> _ASSIGNMENT_
In the records below, find the line containing "this 1920×1080 image.", then reproduce that line and every one after it to the end, exactly and alone.

Phrase grounding data:
════════
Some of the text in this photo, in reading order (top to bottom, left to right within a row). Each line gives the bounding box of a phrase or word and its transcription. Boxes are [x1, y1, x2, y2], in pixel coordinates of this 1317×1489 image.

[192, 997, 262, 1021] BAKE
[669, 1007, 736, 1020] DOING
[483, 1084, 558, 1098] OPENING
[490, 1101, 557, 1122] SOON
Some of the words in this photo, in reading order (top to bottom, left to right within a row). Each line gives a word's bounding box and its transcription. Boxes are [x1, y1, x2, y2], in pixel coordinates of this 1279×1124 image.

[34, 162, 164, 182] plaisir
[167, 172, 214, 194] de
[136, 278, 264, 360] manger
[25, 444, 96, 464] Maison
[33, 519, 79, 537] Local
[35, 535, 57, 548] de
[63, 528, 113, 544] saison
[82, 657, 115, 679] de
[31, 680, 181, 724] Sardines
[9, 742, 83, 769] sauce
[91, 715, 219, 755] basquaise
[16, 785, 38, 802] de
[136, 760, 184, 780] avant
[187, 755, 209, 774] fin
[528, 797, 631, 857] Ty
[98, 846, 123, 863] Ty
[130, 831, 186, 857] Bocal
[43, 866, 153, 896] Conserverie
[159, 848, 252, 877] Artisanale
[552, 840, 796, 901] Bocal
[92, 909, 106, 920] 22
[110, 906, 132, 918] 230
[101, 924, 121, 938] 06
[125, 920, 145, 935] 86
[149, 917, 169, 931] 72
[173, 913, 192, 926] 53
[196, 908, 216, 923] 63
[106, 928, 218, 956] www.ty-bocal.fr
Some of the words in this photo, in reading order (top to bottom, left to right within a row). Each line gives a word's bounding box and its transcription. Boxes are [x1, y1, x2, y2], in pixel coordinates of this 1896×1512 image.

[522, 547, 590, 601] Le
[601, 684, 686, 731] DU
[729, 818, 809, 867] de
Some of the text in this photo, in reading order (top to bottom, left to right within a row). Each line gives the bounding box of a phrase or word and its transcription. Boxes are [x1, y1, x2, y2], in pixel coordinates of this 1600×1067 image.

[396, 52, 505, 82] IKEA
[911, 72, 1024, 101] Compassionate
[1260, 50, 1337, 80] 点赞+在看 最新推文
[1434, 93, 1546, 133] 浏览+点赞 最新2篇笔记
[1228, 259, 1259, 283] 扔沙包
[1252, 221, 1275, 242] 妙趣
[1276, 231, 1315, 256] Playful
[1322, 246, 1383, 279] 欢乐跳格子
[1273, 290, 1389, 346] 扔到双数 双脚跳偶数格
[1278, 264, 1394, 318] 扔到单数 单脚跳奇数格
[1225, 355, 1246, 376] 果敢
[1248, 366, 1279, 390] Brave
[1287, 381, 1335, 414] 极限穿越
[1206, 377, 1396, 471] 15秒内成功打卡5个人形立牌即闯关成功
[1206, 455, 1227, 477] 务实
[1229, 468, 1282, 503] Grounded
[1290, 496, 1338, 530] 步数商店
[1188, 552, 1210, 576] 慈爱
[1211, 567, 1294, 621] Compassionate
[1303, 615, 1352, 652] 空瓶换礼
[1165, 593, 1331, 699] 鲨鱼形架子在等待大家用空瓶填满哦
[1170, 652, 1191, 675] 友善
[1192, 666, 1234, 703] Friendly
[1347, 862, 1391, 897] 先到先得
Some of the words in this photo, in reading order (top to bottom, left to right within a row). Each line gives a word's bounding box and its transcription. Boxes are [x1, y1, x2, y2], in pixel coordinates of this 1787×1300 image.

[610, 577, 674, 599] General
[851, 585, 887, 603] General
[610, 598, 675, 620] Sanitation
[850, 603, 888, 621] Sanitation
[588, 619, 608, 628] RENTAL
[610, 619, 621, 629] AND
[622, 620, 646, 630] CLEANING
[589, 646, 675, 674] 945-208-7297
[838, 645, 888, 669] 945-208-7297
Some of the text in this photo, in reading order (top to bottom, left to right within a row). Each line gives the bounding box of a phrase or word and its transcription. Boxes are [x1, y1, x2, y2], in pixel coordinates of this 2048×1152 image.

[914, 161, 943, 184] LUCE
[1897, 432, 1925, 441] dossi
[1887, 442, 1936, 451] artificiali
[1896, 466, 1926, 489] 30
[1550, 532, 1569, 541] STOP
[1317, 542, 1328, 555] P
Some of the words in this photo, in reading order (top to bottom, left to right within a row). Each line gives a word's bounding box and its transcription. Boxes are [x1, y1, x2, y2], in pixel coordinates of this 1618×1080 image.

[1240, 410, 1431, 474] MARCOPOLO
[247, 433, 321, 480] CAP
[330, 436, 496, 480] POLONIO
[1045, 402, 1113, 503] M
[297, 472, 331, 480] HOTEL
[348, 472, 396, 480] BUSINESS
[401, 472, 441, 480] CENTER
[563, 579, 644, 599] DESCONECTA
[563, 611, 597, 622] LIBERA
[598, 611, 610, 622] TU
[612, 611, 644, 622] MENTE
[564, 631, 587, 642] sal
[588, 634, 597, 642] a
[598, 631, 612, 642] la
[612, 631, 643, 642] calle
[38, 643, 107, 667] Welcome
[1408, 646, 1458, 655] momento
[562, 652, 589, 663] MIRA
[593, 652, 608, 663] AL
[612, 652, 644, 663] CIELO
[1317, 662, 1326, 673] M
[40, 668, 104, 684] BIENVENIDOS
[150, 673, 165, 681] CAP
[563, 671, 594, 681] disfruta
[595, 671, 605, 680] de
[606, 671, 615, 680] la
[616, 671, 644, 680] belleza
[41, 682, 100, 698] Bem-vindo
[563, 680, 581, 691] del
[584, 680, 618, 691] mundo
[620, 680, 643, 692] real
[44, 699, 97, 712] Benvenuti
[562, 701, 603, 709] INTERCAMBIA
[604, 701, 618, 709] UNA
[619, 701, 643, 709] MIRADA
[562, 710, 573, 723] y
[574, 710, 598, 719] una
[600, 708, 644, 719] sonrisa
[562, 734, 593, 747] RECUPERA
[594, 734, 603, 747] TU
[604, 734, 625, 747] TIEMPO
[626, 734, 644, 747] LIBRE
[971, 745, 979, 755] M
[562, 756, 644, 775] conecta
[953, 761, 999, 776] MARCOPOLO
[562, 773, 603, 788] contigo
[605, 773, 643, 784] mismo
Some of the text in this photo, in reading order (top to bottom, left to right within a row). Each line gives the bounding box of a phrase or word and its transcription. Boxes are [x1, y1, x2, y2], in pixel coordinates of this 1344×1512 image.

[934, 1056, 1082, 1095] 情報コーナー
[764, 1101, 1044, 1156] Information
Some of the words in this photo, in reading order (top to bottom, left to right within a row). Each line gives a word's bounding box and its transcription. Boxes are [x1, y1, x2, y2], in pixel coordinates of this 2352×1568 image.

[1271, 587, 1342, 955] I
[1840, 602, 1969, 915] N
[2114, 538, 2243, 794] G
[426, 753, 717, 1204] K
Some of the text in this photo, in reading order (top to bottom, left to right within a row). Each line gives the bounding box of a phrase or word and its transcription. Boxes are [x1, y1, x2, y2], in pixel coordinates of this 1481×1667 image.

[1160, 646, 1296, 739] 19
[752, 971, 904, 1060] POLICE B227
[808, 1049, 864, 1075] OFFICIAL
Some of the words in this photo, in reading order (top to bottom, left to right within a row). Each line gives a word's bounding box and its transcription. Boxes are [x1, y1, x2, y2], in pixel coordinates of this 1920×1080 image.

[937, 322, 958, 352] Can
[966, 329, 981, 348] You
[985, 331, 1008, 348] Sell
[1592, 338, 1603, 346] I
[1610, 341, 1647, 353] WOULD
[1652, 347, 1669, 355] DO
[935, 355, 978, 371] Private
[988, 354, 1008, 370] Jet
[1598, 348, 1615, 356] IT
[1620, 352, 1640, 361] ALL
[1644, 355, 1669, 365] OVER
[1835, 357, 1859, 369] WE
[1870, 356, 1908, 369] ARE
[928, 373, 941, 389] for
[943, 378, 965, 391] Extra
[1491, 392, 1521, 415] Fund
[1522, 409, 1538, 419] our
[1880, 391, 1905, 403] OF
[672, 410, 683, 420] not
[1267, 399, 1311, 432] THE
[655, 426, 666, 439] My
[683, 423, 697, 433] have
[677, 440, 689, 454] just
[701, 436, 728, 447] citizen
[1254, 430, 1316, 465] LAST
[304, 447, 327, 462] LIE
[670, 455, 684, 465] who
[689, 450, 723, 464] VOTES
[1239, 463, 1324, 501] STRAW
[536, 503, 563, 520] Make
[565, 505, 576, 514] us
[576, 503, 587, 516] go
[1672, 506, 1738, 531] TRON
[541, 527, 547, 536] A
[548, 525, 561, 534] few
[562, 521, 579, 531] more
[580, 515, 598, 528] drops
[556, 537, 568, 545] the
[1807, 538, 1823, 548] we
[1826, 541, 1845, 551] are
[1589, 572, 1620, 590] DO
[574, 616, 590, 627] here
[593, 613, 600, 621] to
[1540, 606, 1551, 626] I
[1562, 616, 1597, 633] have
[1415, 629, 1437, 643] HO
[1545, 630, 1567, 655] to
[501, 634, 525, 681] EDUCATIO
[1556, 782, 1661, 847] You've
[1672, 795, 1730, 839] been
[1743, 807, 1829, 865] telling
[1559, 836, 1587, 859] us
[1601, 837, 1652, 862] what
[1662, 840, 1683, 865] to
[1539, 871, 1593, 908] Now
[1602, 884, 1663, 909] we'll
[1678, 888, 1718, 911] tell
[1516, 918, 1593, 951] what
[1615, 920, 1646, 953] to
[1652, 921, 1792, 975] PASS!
════════
> _TASK SOLUTION_
Some of the words in this photo, in reading order (top to bottom, left to right within a row). Each line gives a word's bounding box and its transcription. Boxes are [x1, y1, x2, y2], in pixel coordinates of this 1920×1080 image.

[937, 322, 958, 352] Can
[966, 329, 981, 348] You
[985, 331, 1008, 348] Sell
[1592, 338, 1603, 346] I
[1610, 341, 1647, 353] WOULD
[1652, 347, 1669, 355] DO
[935, 355, 978, 371] Private
[988, 354, 1008, 370] Jet
[1598, 348, 1615, 356] IT
[1620, 352, 1640, 361] ALL
[1644, 355, 1669, 365] OVER
[1835, 357, 1859, 369] WE
[1870, 356, 1908, 369] ARE
[928, 373, 941, 389] for
[943, 378, 965, 391] Extra
[1491, 392, 1521, 415] Fund
[1522, 409, 1538, 419] our
[1880, 391, 1905, 403] OF
[672, 410, 683, 420] not
[1267, 399, 1311, 432] THE
[655, 426, 666, 439] My
[683, 423, 697, 433] have
[677, 440, 689, 454] just
[701, 436, 728, 447] citizen
[1254, 430, 1316, 465] LAST
[304, 447, 327, 462] LIE
[670, 455, 684, 465] who
[689, 450, 723, 464] VOTES
[1239, 463, 1324, 501] STRAW
[536, 503, 563, 520] Make
[565, 505, 576, 514] us
[576, 503, 587, 516] go
[1672, 506, 1738, 531] TRON
[541, 527, 547, 536] A
[548, 525, 561, 534] few
[562, 521, 579, 531] more
[580, 515, 598, 528] drops
[556, 537, 568, 545] the
[1807, 538, 1823, 548] we
[1826, 541, 1845, 551] are
[1589, 572, 1620, 590] DO
[574, 616, 590, 627] here
[593, 613, 600, 621] to
[1540, 606, 1551, 626] I
[1562, 616, 1597, 633] have
[1415, 629, 1437, 643] HO
[1545, 630, 1567, 655] to
[501, 634, 525, 681] EDUCATIO
[1556, 782, 1661, 847] You've
[1672, 795, 1730, 839] been
[1743, 807, 1829, 865] telling
[1559, 836, 1587, 859] us
[1601, 837, 1652, 862] what
[1662, 840, 1683, 865] to
[1539, 871, 1593, 908] Now
[1602, 884, 1663, 909] we'll
[1678, 888, 1718, 911] tell
[1516, 918, 1593, 951] what
[1615, 920, 1646, 953] to
[1652, 921, 1792, 975] PASS!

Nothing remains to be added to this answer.